Diffusion probabilistic models (DPM) have achieved impressive results in high-resolution image synthesis. A technique called guided sampling is used to improve the sample quality of DPMs. The Denoising Diffusion Implicit Model (DDIM) is a commonly used fast-guided sampler.
DDIM is a first-order diffusion ordinary differential equation (ODE) solver that requires approximately 100-250 steps to generate high-quality samples. Some higher-order solvers sample faster when unguided, but when guided become unstable and may even be slower than DDIM for high guidance scale values.

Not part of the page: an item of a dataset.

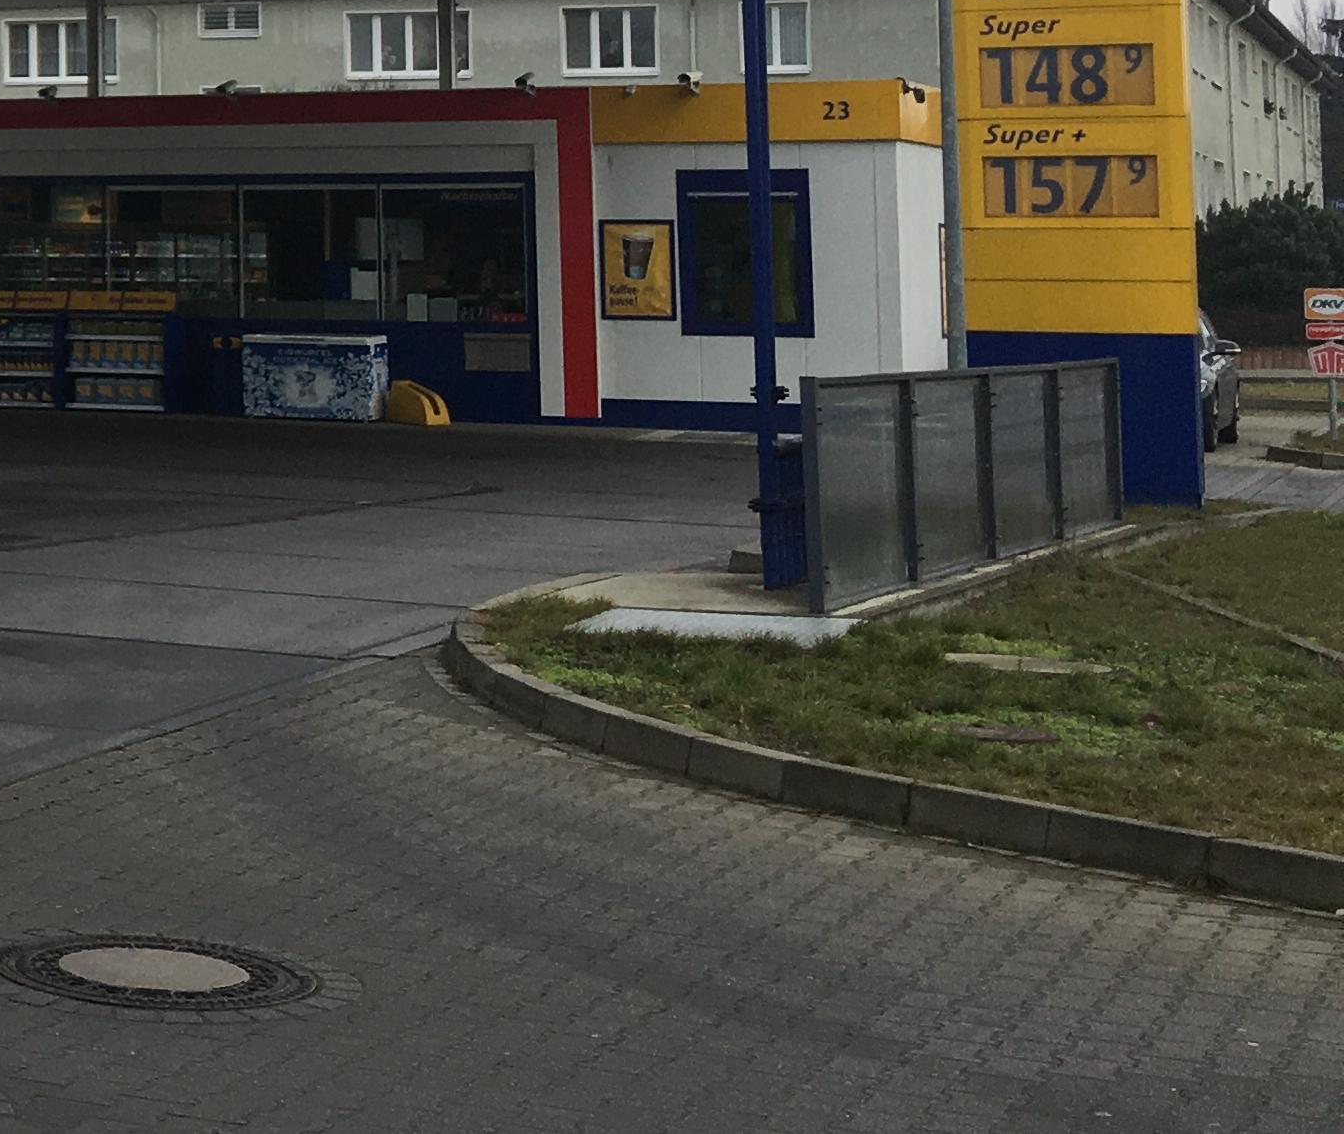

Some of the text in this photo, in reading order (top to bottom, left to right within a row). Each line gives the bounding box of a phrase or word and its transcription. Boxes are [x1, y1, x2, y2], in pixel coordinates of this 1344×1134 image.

So now the question arises: why is orientation so important?
The answer to this question is simple: guidance helps improve the quality of model-generated samples by applying certain conditions, such as aligning a generated image more closely with the text prompt. Indeed, it costs a certain diversity in the samples generated, but one can adjust the guidance scale to obtain a good compromise between diversity and fidelity.
Let’s start by understanding how DPMs work?
DPM sampling procedures gradually remove noise from pure Gaussian random variables to obtain clear data. This sampling can be done by discretizing broadcast SDEs or broadcast ODEs, which are also defined in two ways: a parameterized noise prediction model and a data prediction model.
ODE solvers typically take 100–250 steps to converge, while high-order diffusion SDEs can generate high-quality samples in just 10–20 steps when sampling without guidance. So why not always use higher-order broadcast SDEs for sampling?
We face two challenges when applying high-order solvers:
- The large guide scale reduces the convergence radius of high-order solvers, making them unstable.
- The converged solution is in a different range than the original data. It is also known as Train-test mismatch.
The training data given is limited, but a large guide scale can cause the conditional noise prediction model to drift away from the actual noise, causing the sample to exit the limits of the training data, meaning the samples appear unrealistic (as some are shown in Figure 1). High values of the guide scale can amplify the output and higher derivatives, which are more sensitive to amplifications. Derivatives affect the convergence range of ODE solvers, and since the derivatives have been amplified, it is intuitive that it may need high-order solvers with small step sizes to converge.
Now, how do they meet these two challenges?
The authors proposed a high-order, training-free diffusion ODE solver for faster guided sampling, which they named DPM-Solver++, to address the first challenge. DPM-Solver++ is designed for data prediction models, unlike previous high-order solvers designed for noise prediction models. One of the reasons for choosing the data prediction model is that thresholding methods can be used to keep the limited sample within the same range as the original data, which is the second challenge we have to face. . Two versions of DPM-Solver++ are offered; one is DPM-Solver++(2S), which is a single-step second-order solver, while the other is DPM-Solver++(2M) which is a multi-step second-order solver. The latter deals with the problem of instability of high-order solvers. Now you must be wondering what is the difference between the two and what makes a multi-step solver better than a single-step version. Here is the answer, suppose we can only evaluate the data prediction model N times. Then, according to the algorithm of the single-step method of order k, it can only use M=N/k steps. Whereas for the same N evaluations, the multi-step process can use M=N steps because it uses previously calculated values of x̃you1 and x̃you2 to calculate higher order derivatives where t1 =ti-1 and T2= ti-2 instead of just dismissing them as a one-step solver. This way, information from previous steps is not lost, which ensures the stability of the high-order solver. In conclusion, based on the results, multi-step methods are slightly better than single-step methods. For large guidance scales, the multi-step DPM-Solver++(2M) performs better than the DPM-Solver++(2S), while for slightly smaller guidance scales, the single-step solver performs better than the single-step solver. many stages.
Comparing with previous high-order samplers (DEIS, PNDM, and DPM-Sampler), they found that DPM-Solver++ achieves the best convergence speed and stability for both large and small guidance scales.
DPM-Solver++ is able to converge in 15 numbers of function evaluations. We can use DPM-Solver++ with pixel-space DPMs as well as latent-space DPMs. But in the case of latent-space DPMs, we do not use the thresholding method because the latents are not bounded.
This Article is written as a research summary article by Marktechpost Staff based on the research paper 'DPM-SOLVER++: FAST SOLVER FOR GUIDED SAMPLING OF DIFFUSION PROBABILISTIC MODELS '. All Credit For This Research Goes To Researchers on This Project. Check out the preprint paper, and code.